## Exercise objective:
Except for the images, repeat the entries below word for word.

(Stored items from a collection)
<<<<

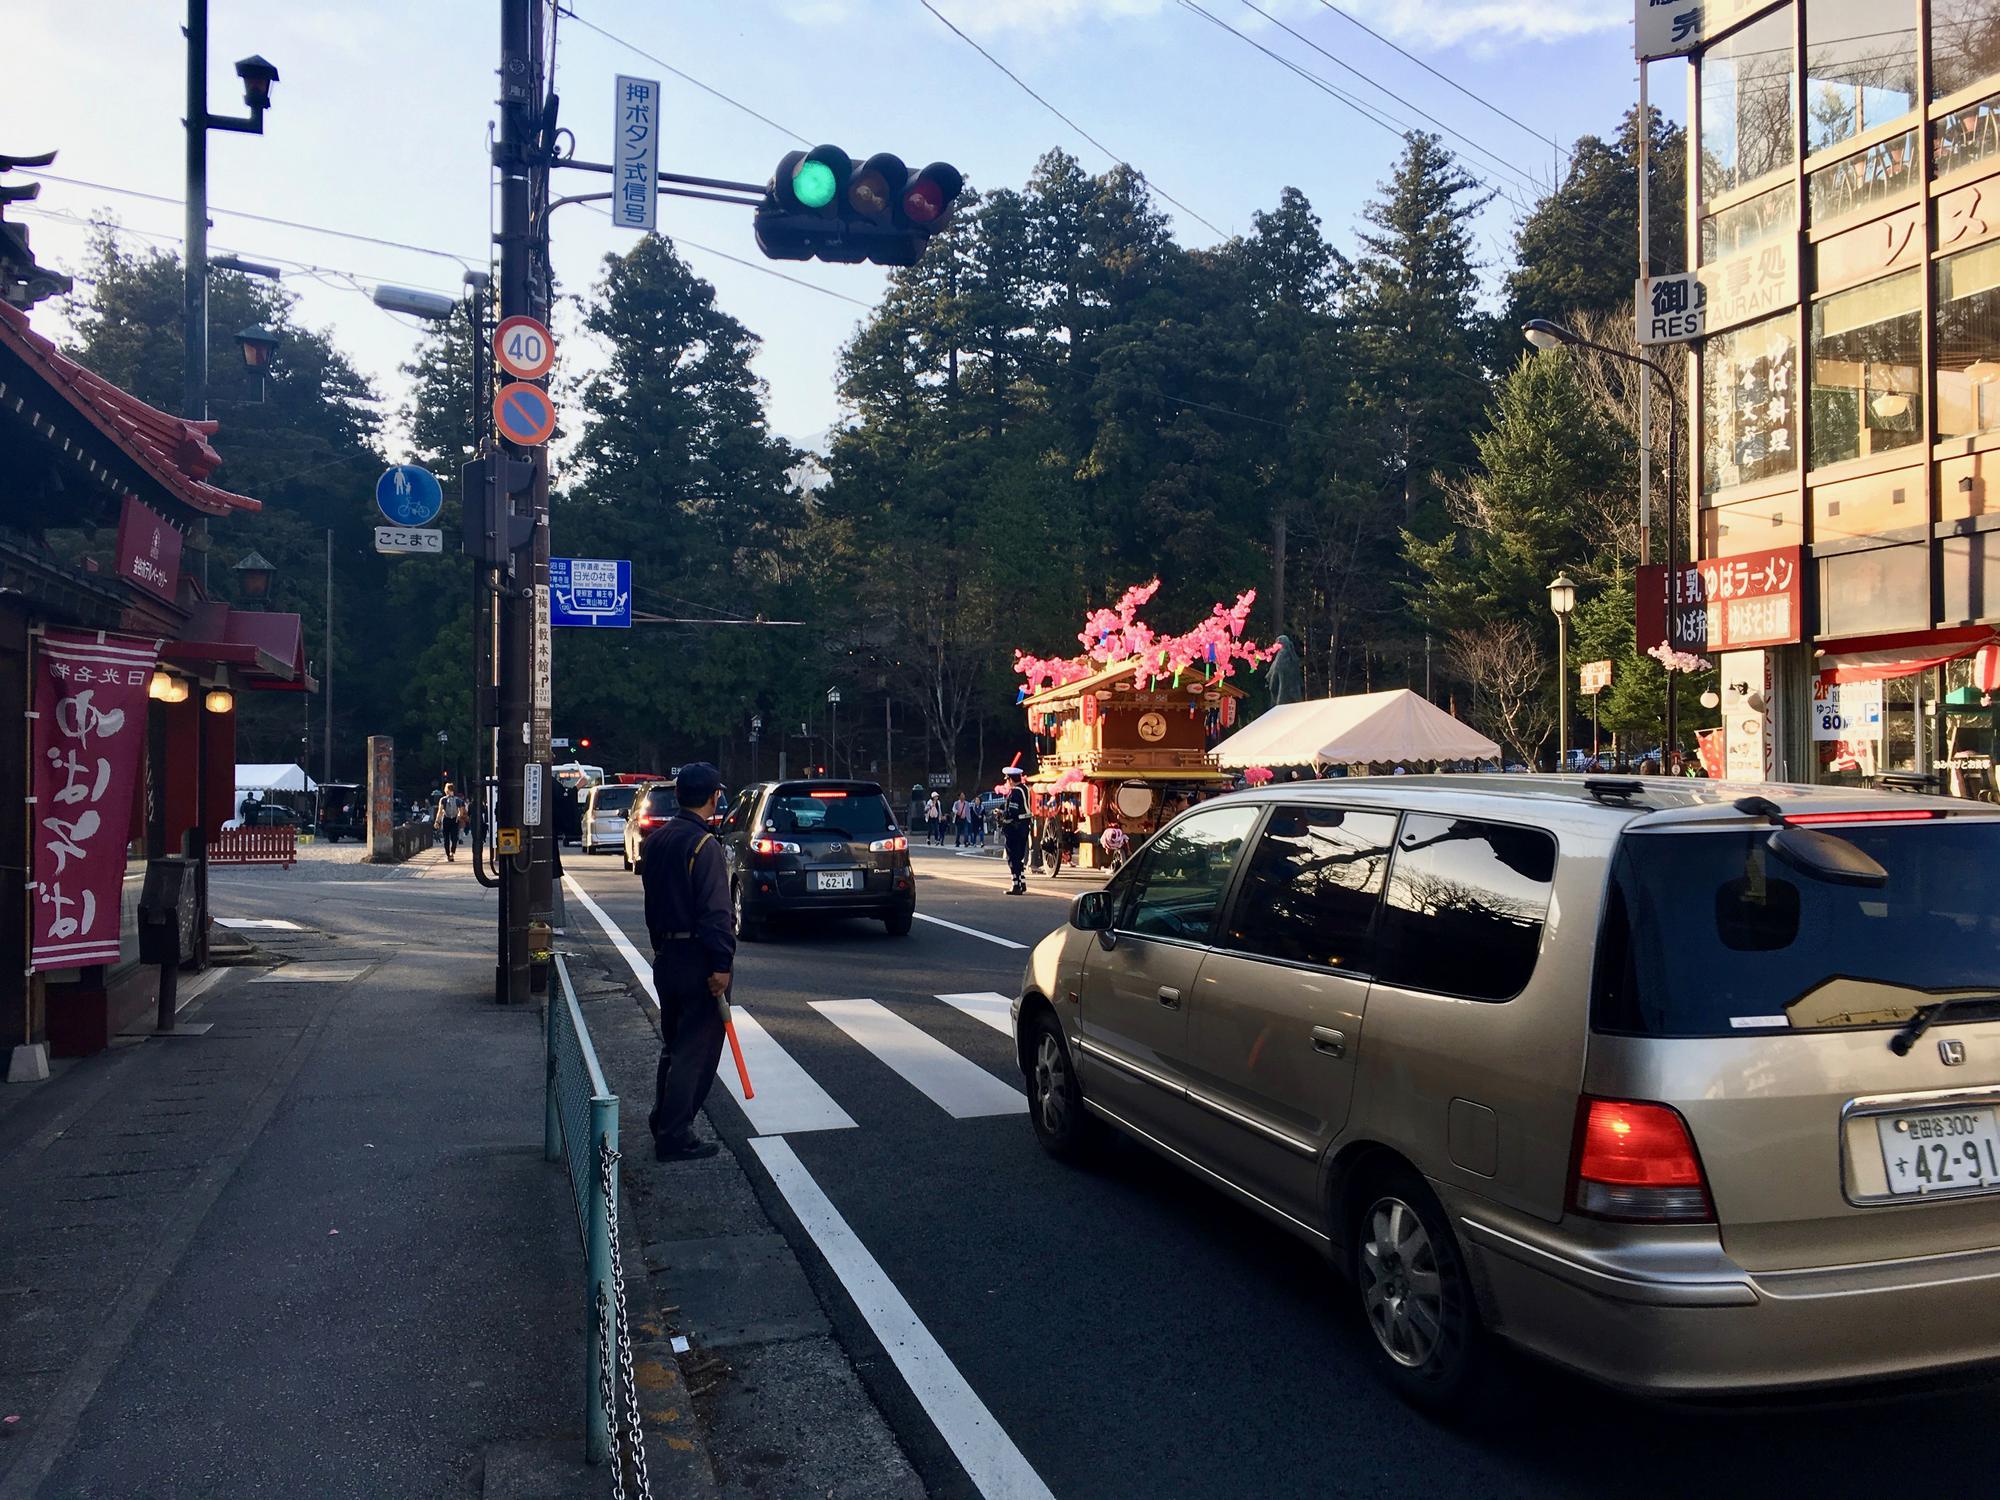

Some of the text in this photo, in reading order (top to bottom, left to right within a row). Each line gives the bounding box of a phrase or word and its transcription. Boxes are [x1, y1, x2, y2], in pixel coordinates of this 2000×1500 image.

[622, 82, 649, 223] 押ボタン式信号
[1651, 244, 1786, 317] 御食事処
[1652, 282, 1785, 339] RESTAURANT
[508, 333, 541, 362] 40
[379, 531, 438, 548] ここまで
[573, 562, 600, 571] 世界遺産
[573, 571, 616, 582] 日光の社寺
[1663, 556, 1793, 604] 豆乳ゆばラーメン
[825, 878, 852, 888] 62-14
[1916, 1138, 1998, 1184] 42-91
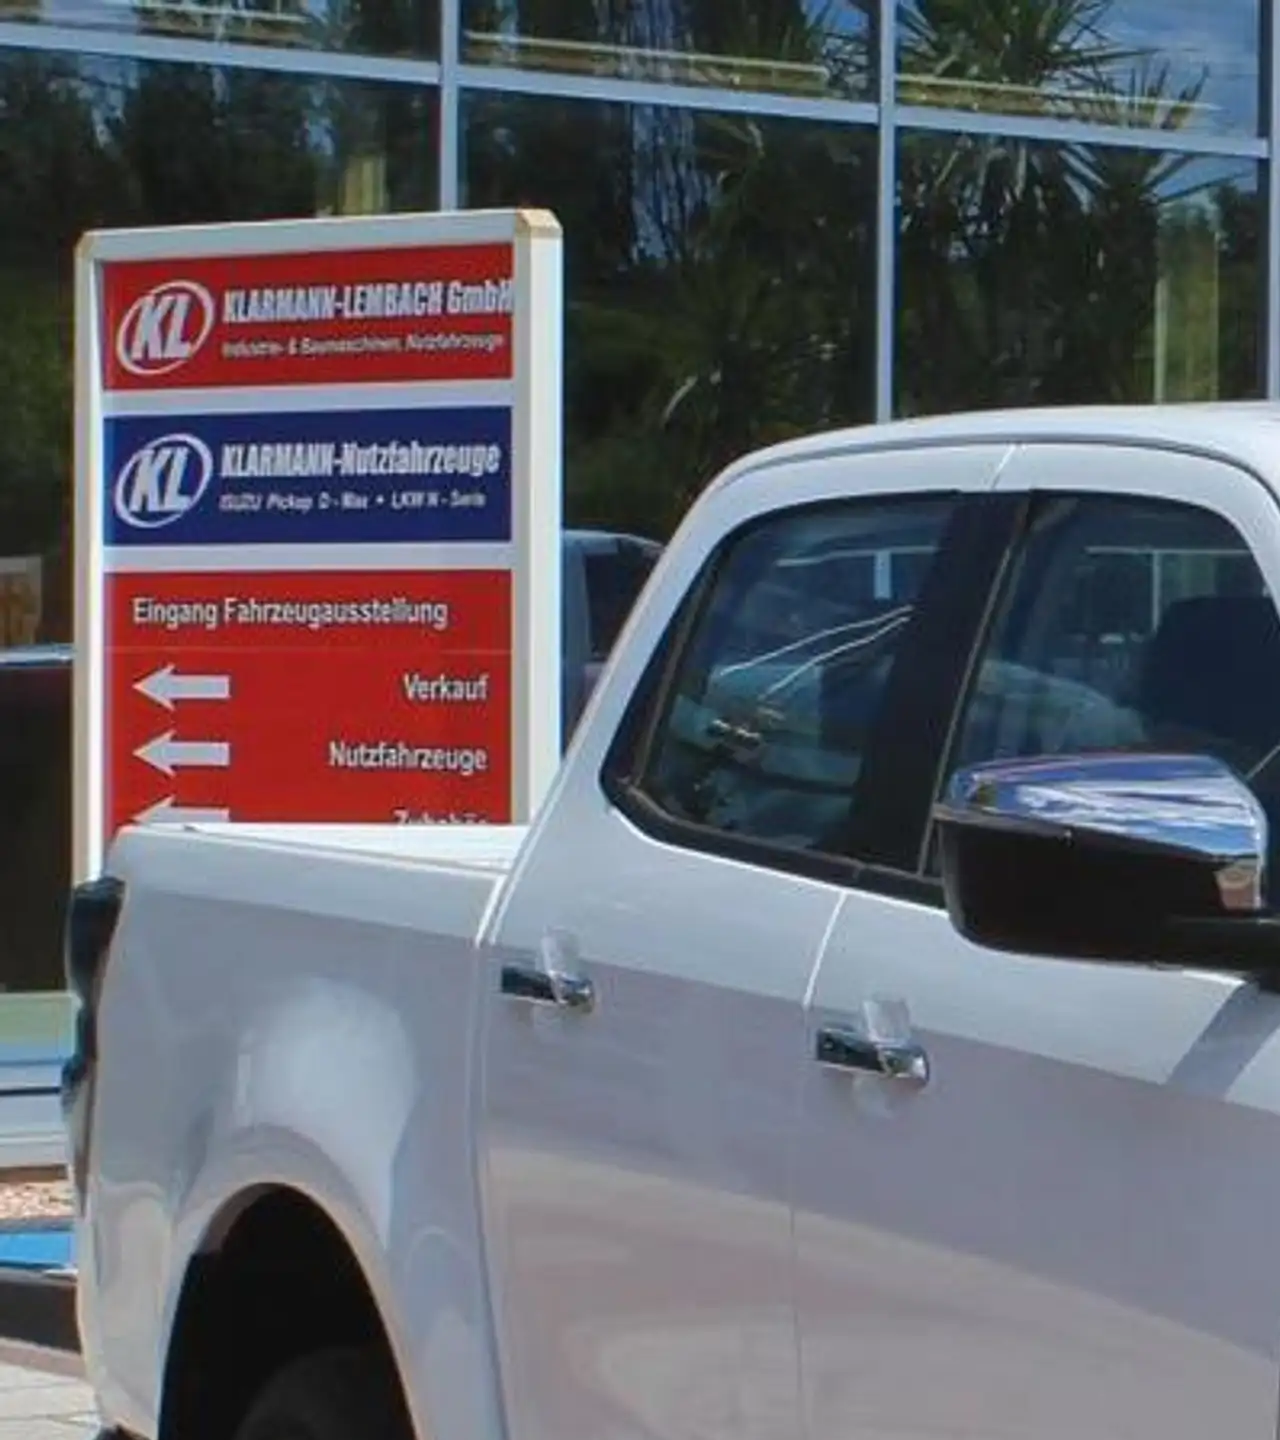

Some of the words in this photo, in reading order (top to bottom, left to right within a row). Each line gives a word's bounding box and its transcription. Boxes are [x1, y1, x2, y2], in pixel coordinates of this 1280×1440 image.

[222, 282, 443, 324] KLARMANN-LEMBACH
[447, 279, 513, 314] GmbH
[131, 292, 193, 361] KL
[219, 440, 501, 478] KLARMANN-Nutzfahrzeuge
[130, 446, 191, 514] KL
[218, 492, 262, 511] ISUZU
[266, 491, 314, 514] Pickup
[132, 597, 218, 630] Eingang
[222, 596, 448, 630] Fahrzeugausstellung
[402, 673, 488, 700] Verkauf
[329, 740, 488, 776] Nutzfahrzeuge
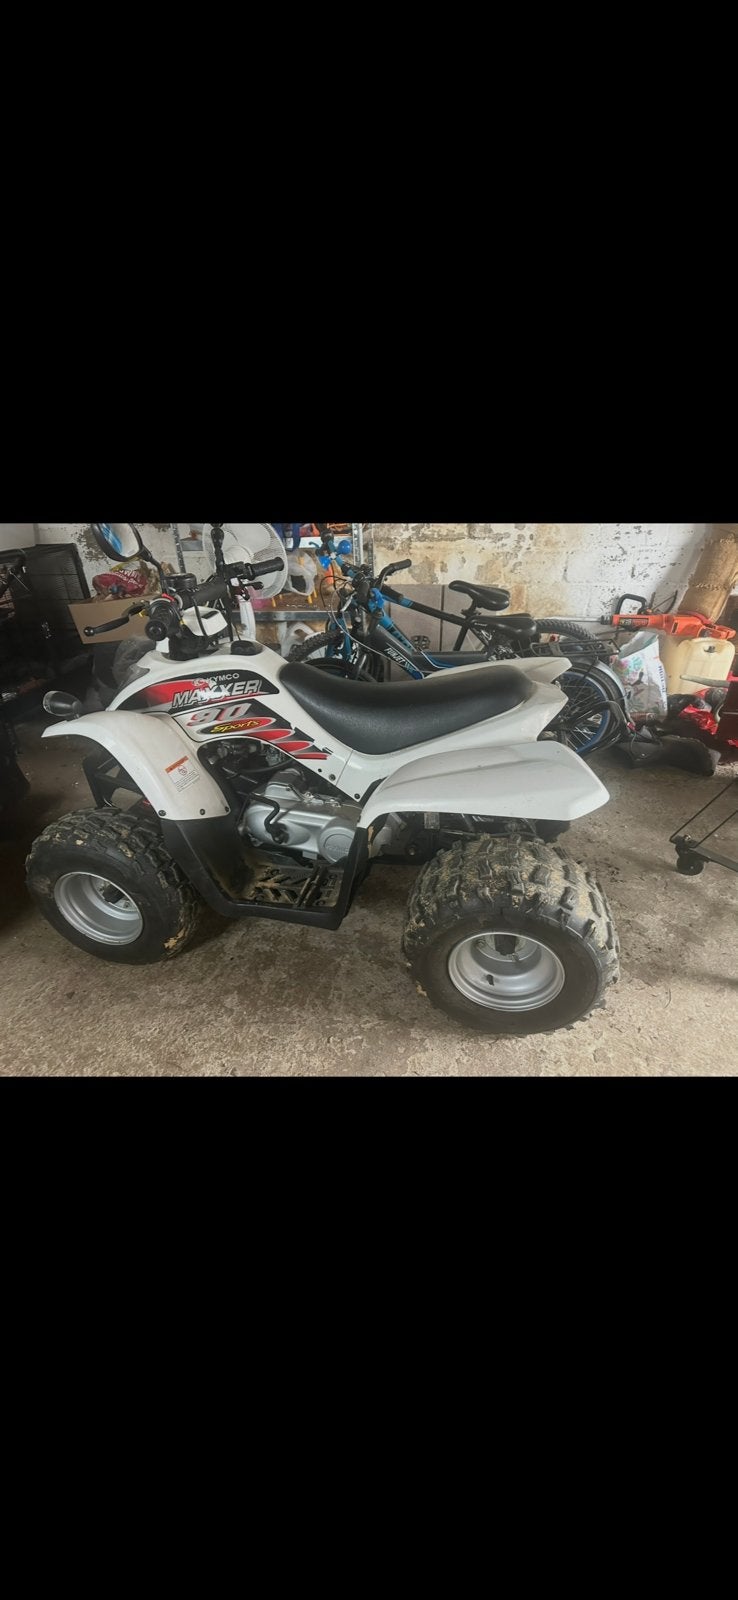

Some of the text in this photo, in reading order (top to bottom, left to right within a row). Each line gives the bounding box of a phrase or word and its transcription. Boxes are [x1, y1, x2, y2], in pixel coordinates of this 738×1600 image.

[172, 680, 260, 708] MAXXER
[186, 703, 252, 727] 90
[210, 720, 259, 733] Sports
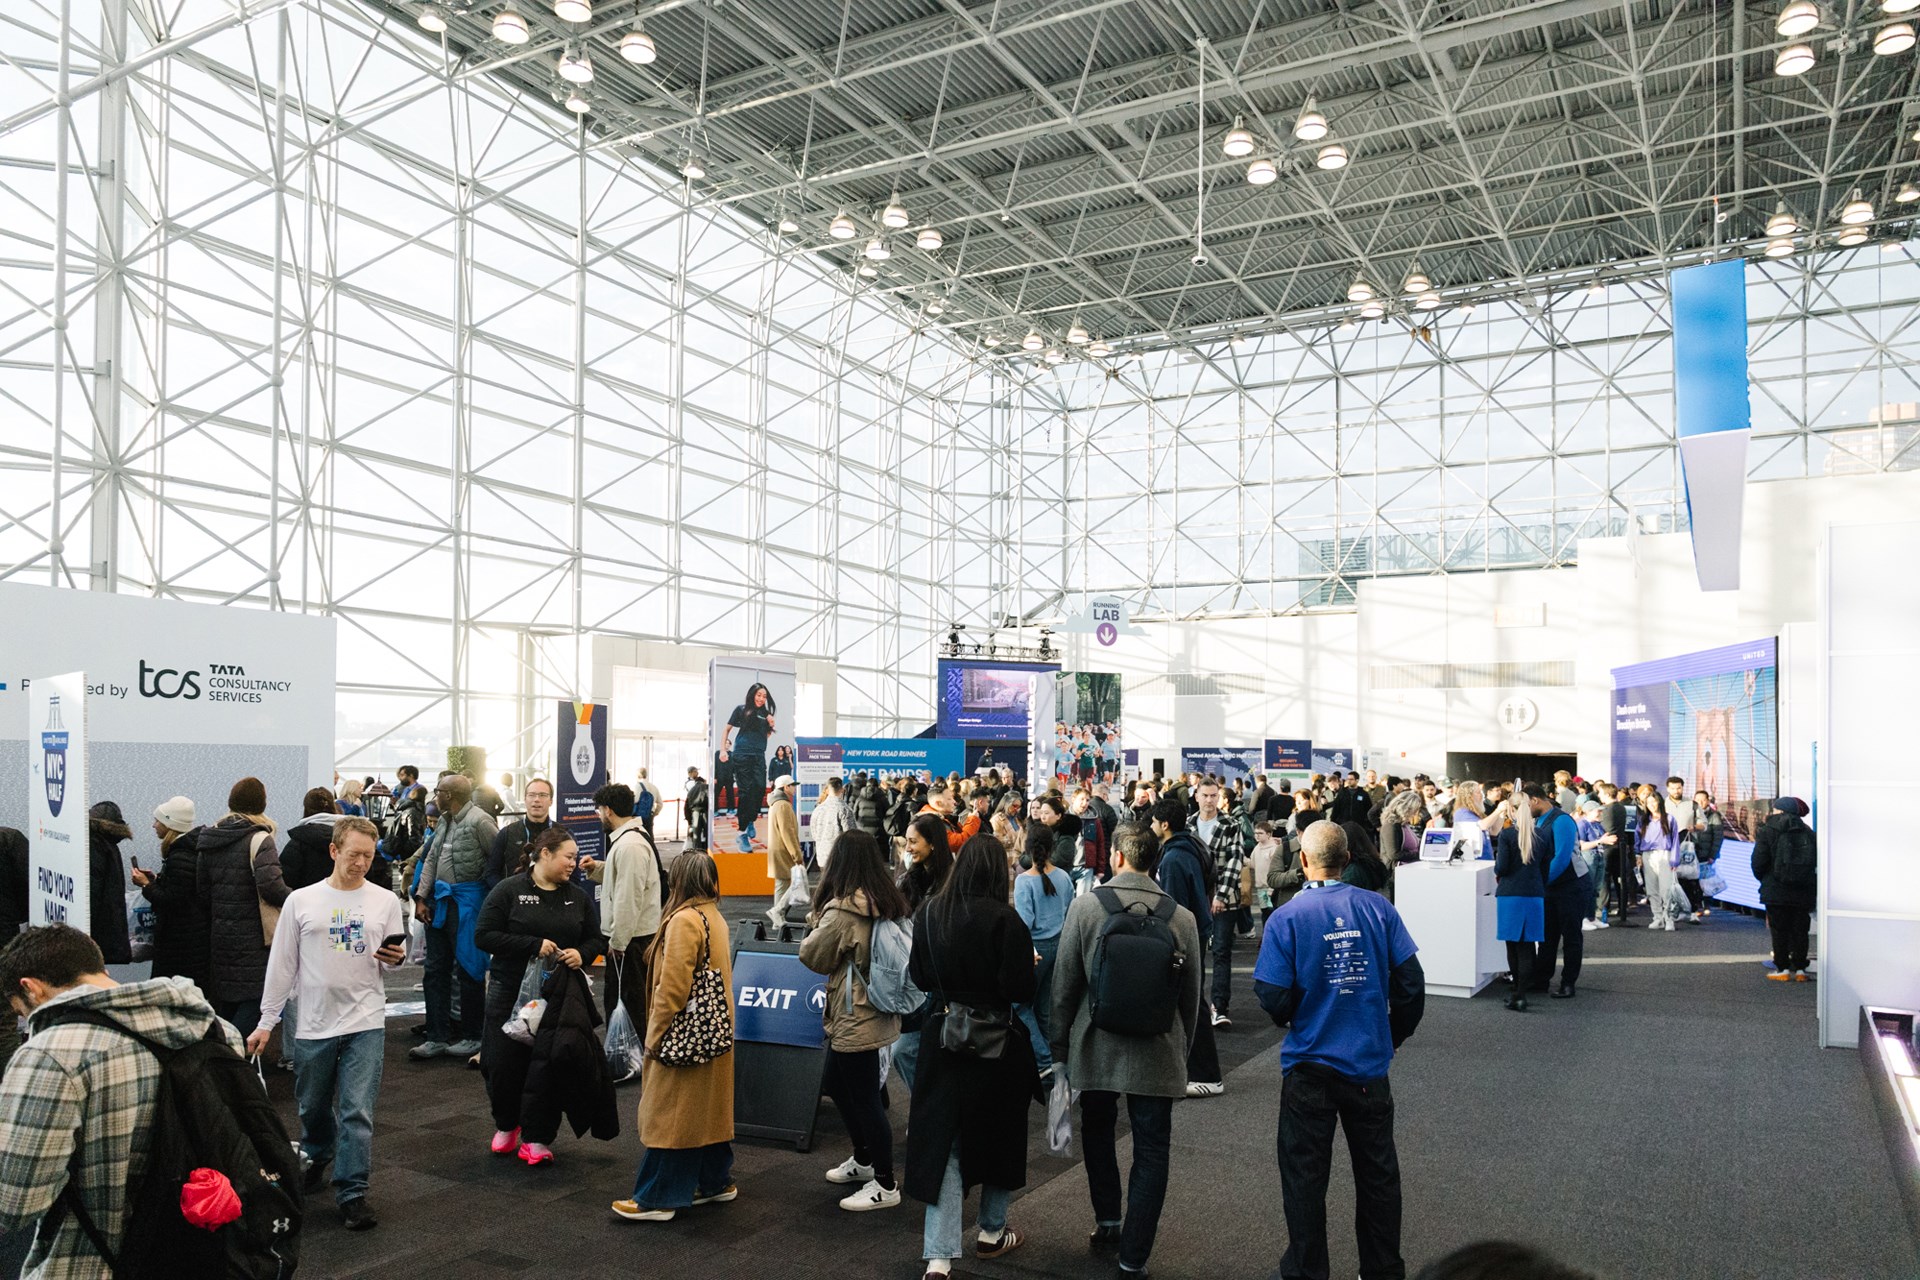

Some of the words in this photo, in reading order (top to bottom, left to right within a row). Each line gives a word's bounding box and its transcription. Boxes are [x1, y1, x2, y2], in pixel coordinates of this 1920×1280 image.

[1093, 609, 1120, 621] LAB
[1742, 650, 1766, 660] UNITED
[209, 664, 245, 676] TATA
[139, 659, 201, 700] tcs
[209, 677, 291, 692] CONSULTANCY
[110, 681, 128, 699] by
[209, 690, 262, 703] SERVICES
[47, 753, 64, 781] NYC
[48, 783, 63, 802] HALF
[38, 866, 53, 894] FIND
[54, 871, 74, 903] YOUR
[1323, 930, 1361, 941] VOLUNTEER
[738, 986, 798, 1010] EXIT

>>>>

## Result:
Some of the text in this photo, in reading order (top to bottom, left to right within a row). Each line gives the bounding box of a phrase or word and its transcription. Boxes are [x1, y1, x2, y2], in pixel coordinates of this 2000×1500 image.

[622, 82, 649, 223] 押ボタン式信号
[1651, 244, 1786, 317] 御食事処
[1652, 282, 1785, 339] RESTAURANT
[508, 333, 541, 362] 40
[379, 531, 438, 548] ここまで
[573, 562, 600, 571] 世界遺産
[573, 571, 616, 582] 日光の社寺
[1663, 556, 1793, 604] 豆乳ゆばラーメン
[825, 878, 852, 888] 62-14
[1916, 1138, 1998, 1184] 42-91

Some of the words in this photo, in reading order (top to bottom, left to right within a row). Each line gives a word's bounding box and its transcription. Boxes are [x1, y1, x2, y2], in pixel coordinates of this 1280×1440 image.

[222, 282, 443, 324] KLARMANN-LEMBACH
[447, 279, 513, 314] GmbH
[131, 292, 193, 361] KL
[219, 440, 501, 478] KLARMANN-Nutzfahrzeuge
[130, 446, 191, 514] KL
[218, 492, 262, 511] ISUZU
[266, 491, 314, 514] Pickup
[132, 597, 218, 630] Eingang
[222, 596, 448, 630] Fahrzeugausstellung
[402, 673, 488, 700] Verkauf
[329, 740, 488, 776] Nutzfahrzeuge

Some of the text in this photo, in reading order (top to bottom, left to right within a row). Each line gives the bounding box of a phrase or word and its transcription. Boxes are [x1, y1, x2, y2], in pixel coordinates of this 738×1600 image.

[172, 680, 260, 708] MAXXER
[186, 703, 252, 727] 90
[210, 720, 259, 733] Sports

Some of the words in this photo, in reading order (top to bottom, left to right within a row). Each line gives a word's bounding box and its transcription. Boxes are [x1, y1, x2, y2], in pixel coordinates of this 1920×1280 image.

[1093, 609, 1120, 621] LAB
[1742, 650, 1766, 660] UNITED
[209, 664, 245, 676] TATA
[139, 659, 201, 700] tcs
[209, 677, 291, 692] CONSULTANCY
[110, 681, 128, 699] by
[209, 690, 262, 703] SERVICES
[47, 753, 64, 781] NYC
[48, 783, 63, 802] HALF
[38, 866, 53, 894] FIND
[54, 871, 74, 903] YOUR
[1323, 930, 1361, 941] VOLUNTEER
[738, 986, 798, 1010] EXIT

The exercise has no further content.